Ecco, se c'è un motivo - e torno all'origine di queste mie poche parole - se c'è un motivo per cui a Natale
noi ci scambiamo dei doni, e questo prima che essere una prassi consumistica invece è una prassi che ha un
grande valore religioso, il motivo è questo: che a Natale noi rigustiamo di nuovo la gratuità che riceviamo,
ma anche comprendiamo che la parte più bella e più vera di noi sta nella nostra capacità di gratuità. Mai
come quando siamo gratuiti siamo veramente noi stessi in un modo personale! E questo credo che ci farebbe
bene riviverlo a Natale, soprattutto nelle nostre società consumistiche e profondamente segnate da un
economicismo imperante, perché l'economicismo imperante funziona secondo la logica inversa: tu ti realizzi
tanto di più quanto più sei egoista.
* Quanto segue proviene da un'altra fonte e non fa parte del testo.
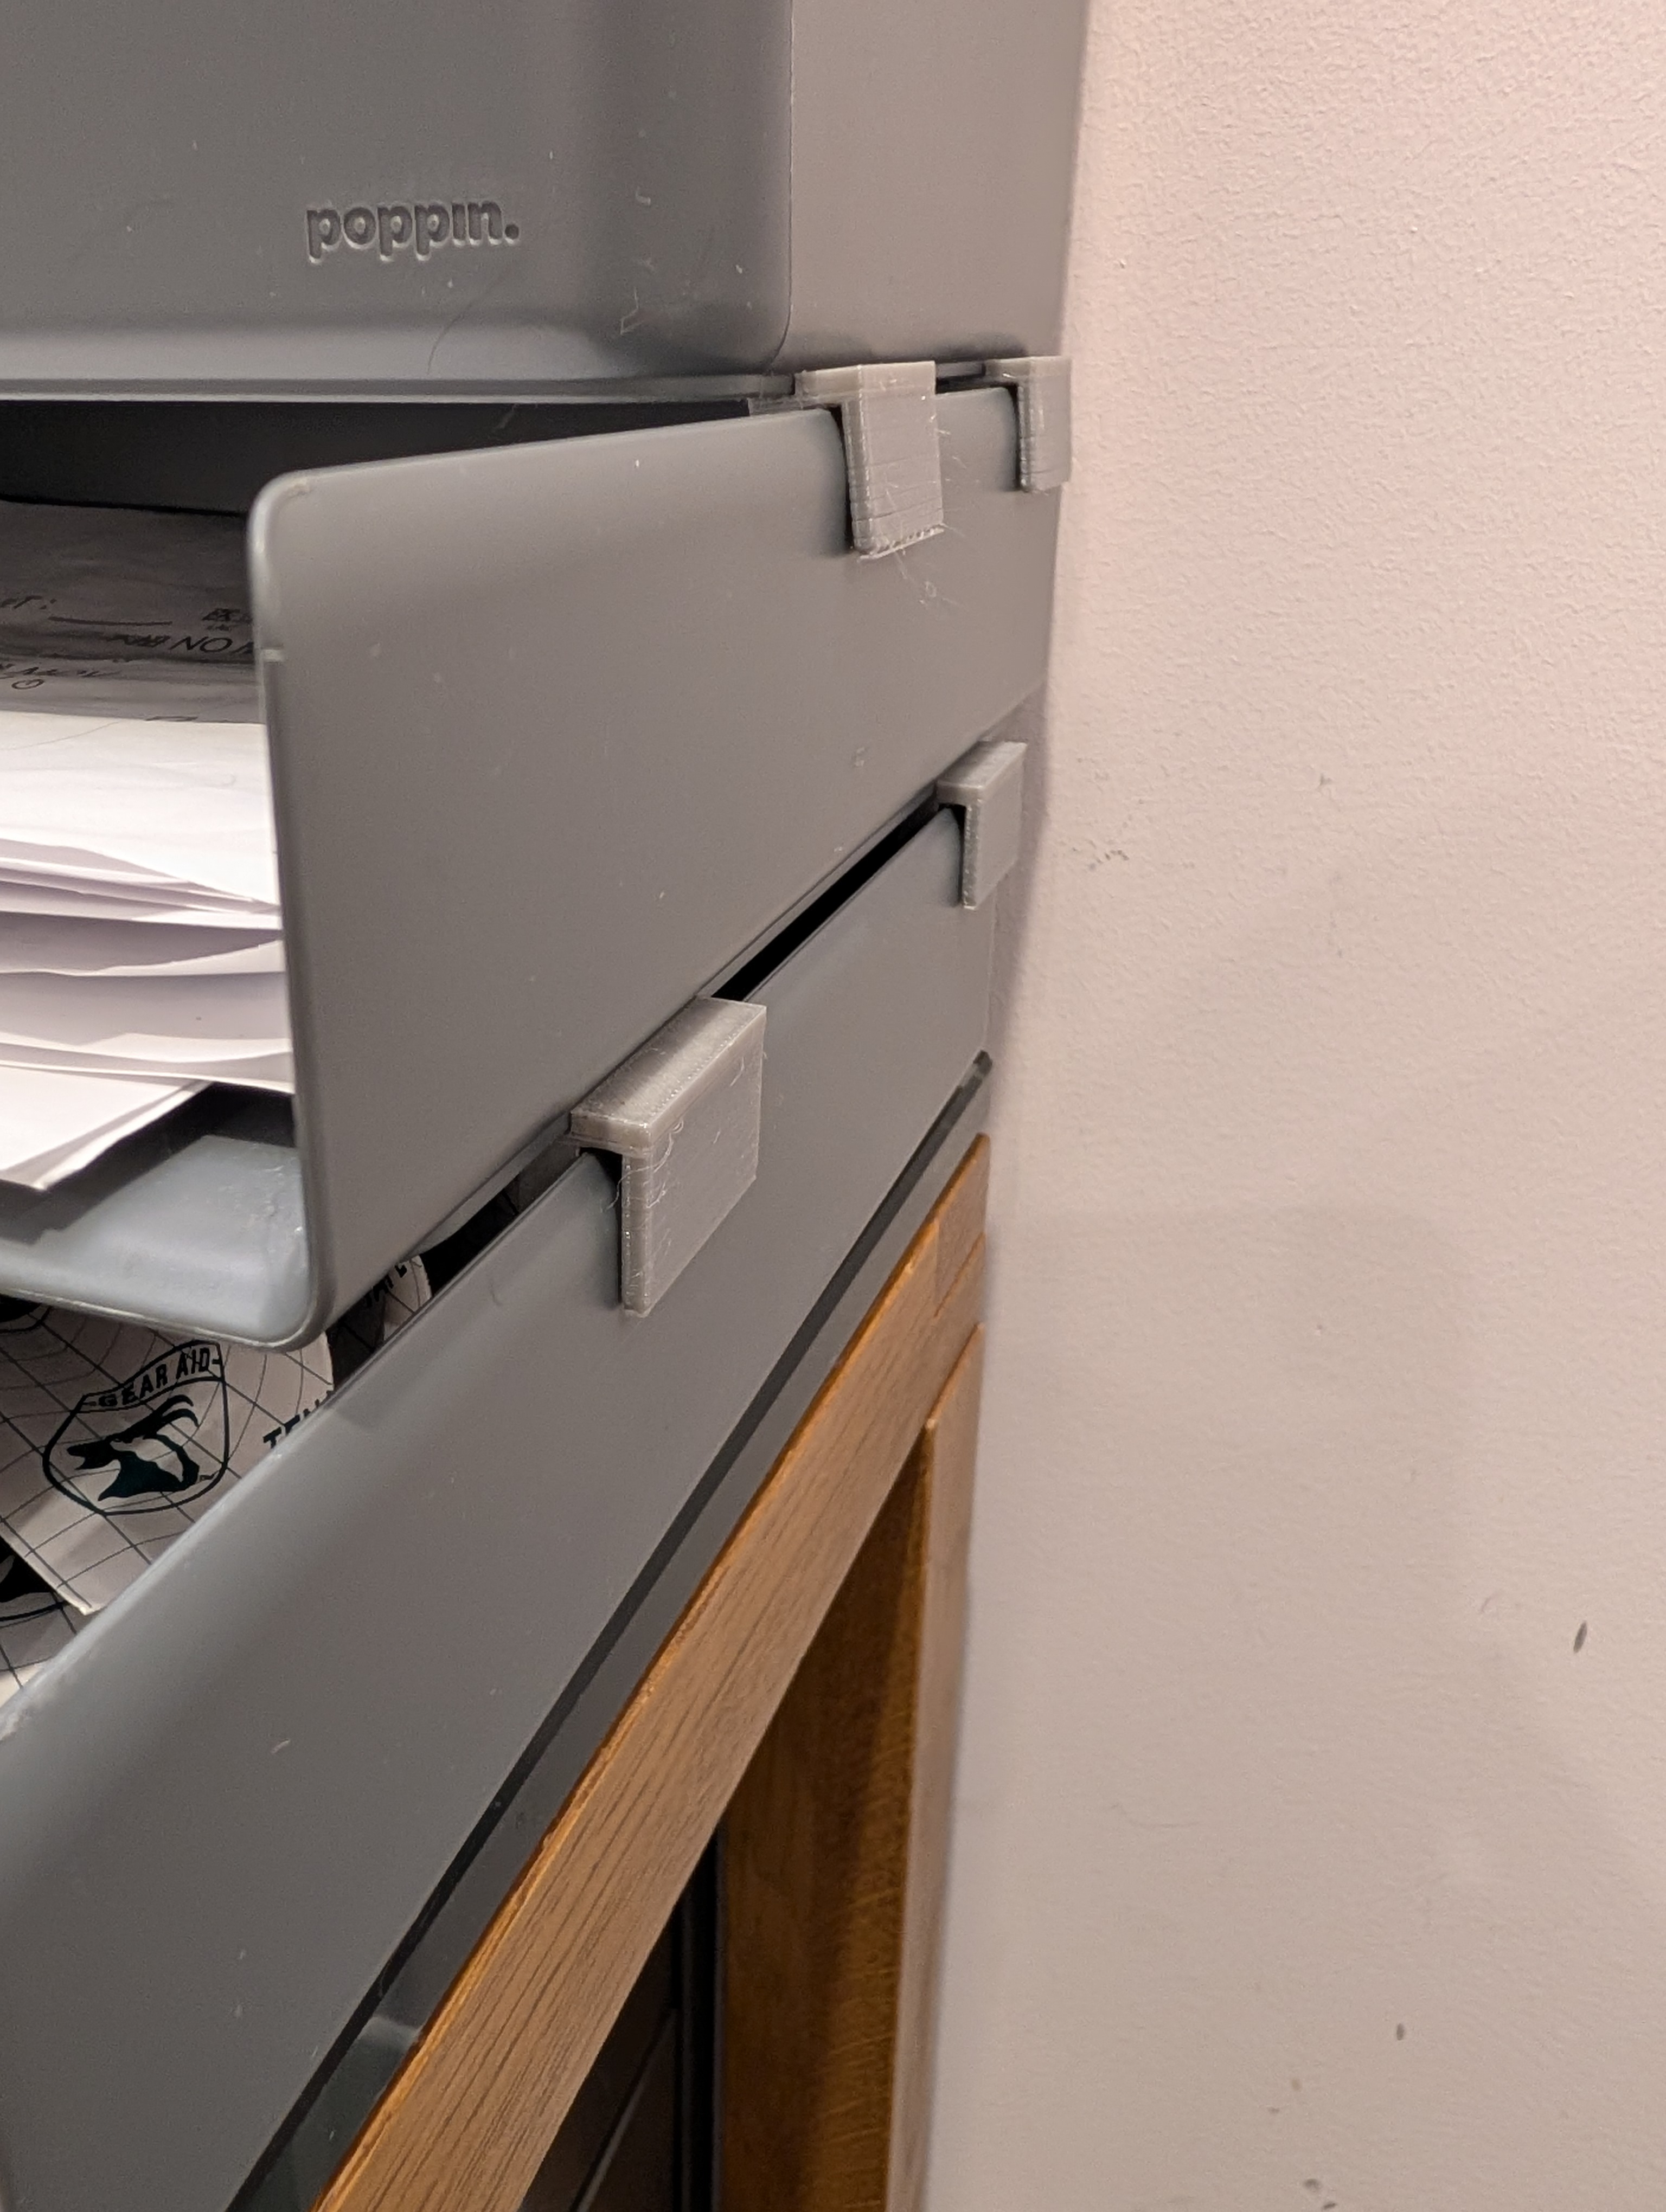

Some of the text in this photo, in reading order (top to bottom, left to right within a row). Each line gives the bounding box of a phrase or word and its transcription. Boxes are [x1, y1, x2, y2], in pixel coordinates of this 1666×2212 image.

Mentre a Natale diciamo esattamente l'inverso: noi siamo davvero noi
stessi tanto di più quanto più siamo gratuiti, e per questo ci scambiamo dei doni che evidentemente
diventano un simbolo.
Ecco, pensando al Natale qui a Torino, mi verrebbe da dire: come sarebbe bello se riuscissimo insieme -
lo dico per me e lo comunico così anche a voi - non soltanto a vedere gli aspetti di egoismo, con le
conseguenze a volte drammatiche e deleterie che questo ha, ma a vedere i grandi germi di generosità che ci
sono non soltanto a Natale, anche in questa città. Anche in questi giorni, facendo qualche visita, io sono
davvero ammirato e vorrei rimanere capace di ammirazione, di stupore, di tanto bene che c’è. Sono andato
l’altro giorno al Regina Margherita: ho visto dei medici, degli infermieri… che spendono non soltanto la loro
competenza ma a volte la loro passione con generosità; ma ho visto tante volontarie, tanti volontari, tanti
insegnanti… che vanno lì e offrono a dei bambini meno fortunati la possibilità di vivere qualche momento,
qualche ora serena. Poco prima ero andato a Casa Amica: ho visto delle persone volontarie della Chiesa che
mettono a disposizione degli alloggi per chi ha bisogno di stare vicino a dei malati che hanno lungo degenza
qui in Torino. Sono andato in carcere l'altro giorno: ho visto anche lì la bellezza di volontarie e volontari che
permettono a dei ragazzi, dei giovani meno fortunati, di non sentirsi abbandonati e soli.
Ecco, mi dico: come sarebbe bello se riuscissimo insieme a raccontare anche questo! Perché questo c'è.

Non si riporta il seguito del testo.